The following post is my most candid to date. I don’t apologize for my language, my anger or my lack of empathy. It is a story that in large part formed the person I am today but it might not be what you are used to seeing from me.
While writing about my cousin Mike yesterday, therapeutic as it was, I triggered myself AGAIN. It seems that whenever I write of family, another incident bubbles to the surface and I have to write about it.
Mike is very important to me, I hope I did him justice in yesterday’s post. He was a major part of my life for many years and I will always have a soft spot for him.
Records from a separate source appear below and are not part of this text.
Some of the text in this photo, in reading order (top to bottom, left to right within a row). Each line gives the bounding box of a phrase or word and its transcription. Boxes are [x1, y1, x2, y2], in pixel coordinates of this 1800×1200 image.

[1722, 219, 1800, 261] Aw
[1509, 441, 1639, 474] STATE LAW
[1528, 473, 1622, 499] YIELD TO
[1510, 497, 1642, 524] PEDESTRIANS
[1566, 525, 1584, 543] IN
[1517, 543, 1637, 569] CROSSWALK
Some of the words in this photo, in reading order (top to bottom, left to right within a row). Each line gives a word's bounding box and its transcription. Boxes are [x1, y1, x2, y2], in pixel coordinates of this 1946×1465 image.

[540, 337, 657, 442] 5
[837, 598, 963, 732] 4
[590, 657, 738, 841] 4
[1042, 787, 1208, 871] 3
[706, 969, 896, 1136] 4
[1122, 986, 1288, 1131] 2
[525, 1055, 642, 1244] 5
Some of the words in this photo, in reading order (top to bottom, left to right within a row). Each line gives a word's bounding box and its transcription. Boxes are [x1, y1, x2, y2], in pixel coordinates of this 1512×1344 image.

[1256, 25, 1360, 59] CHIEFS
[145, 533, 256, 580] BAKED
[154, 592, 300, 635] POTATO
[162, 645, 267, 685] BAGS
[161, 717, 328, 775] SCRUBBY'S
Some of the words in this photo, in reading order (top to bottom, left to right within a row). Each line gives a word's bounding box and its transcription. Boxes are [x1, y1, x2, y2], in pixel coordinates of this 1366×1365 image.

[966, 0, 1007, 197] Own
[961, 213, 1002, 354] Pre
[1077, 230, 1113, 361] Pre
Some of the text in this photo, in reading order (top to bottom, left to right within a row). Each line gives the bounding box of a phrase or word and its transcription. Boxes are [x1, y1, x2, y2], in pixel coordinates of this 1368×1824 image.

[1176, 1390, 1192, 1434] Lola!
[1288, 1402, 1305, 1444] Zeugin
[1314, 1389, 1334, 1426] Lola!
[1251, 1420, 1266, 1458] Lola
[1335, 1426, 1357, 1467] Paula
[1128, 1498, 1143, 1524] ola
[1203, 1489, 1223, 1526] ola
He, 1 of my 6 cousins, is the only one I talk to.
Railroad Ave was the street in town that everyone spoke of but rarely walked down. It could have been taken directly out of Steinbeck’s Cannery Row. A small dirt road, littered with giant potholes that resembled small ponds after a rainfall, occupied by the poorest residents of my hometown. The street consisted of some people with menial jobs, and some multiple generations of poverty dwellings. It was not uncommon to see barefoot, filthy children playing on the street with makeshift toys as adults who should be working looked on and drank beers from a dirty cooler parked next to a lawn chair. It wasn’t uncommon to see me there either, on that street was the same house my father grew up in. My aunt and cousins now lived there, 8 of them in a small house with dirt floors and plastic on the windows.
I didn’t care if it was poor, I didn’t even know. I was young and just happy to be with family. My father’s sister and her drunk-ass beater of a husband and my 6 cousins were family. I never thought to compare our houses, I was just a child. Mike was the youngest, he was my best friend. I learned how to play baseball, horseshoes, and basketball on that street. I first rode a bike with no trainers on that street, with Mike, wobbly and barely in control as I averted the massive water-filled potholes. It was a magical time for me until my drunk-ass uncle took it all away from me.
I was ten years old. Our family, per tradition, was spending the 4th of July on Railroad Ave. The cousins and I were doing our thing. Lighting off firecrackers, eating hot dogs, sneaking a peek at cousin John’s dirty books while playing Lynyrd Skynyrd records. Soon we heard yelling and we all ran to the picnic area. I was speechless, my uncle was shoving my father, yelling belligerently at him as my 100-pound mother and aunt tried to separate them. My uncle, spitting mad, screamed at my father to get the hell off of his property or he would get his shotgun. Nor knowing what had happened but not wanting to stick around for the shotgun, I ran to the car behind my mother and father. Of all the things I didn’t know at that moment, I definitely didn’t know what a formative moment that would be in my life.
I would find out that night that my Uncle had accused my father of stealing a rare gold coin from his house. This coin would end up being the focus of much speculation for many years because no one, including his wife, knew of it and it didn’t make sense because he was a nasty drunk who would have sold it for beer money. But all that mattered was that he believed it, and I refused to believe it. My father was an honest man, someone had to believe in him.
My family was reeling from this event. My father, ever the honest man was dumbfounded and, perhaps most importantly, he was hurt. My mother was deeply concerned for him and for me. We would soon find out that my uncle had issued a fatwa of sorts against my Dad. Apparently, his drunk friends swore to kick my father’s ass if they saw him. His family was forbidden to speak with mine and Mike was told specifically that if he and I were seen together he would get a beating. It was so bad at one point that my father had a restraining order against my uncle.
It was a horrible time for me. I lost my best friend, I felt terrible for my father and I worried for our family’s safety. The man was truly unstable. Dark days indeed.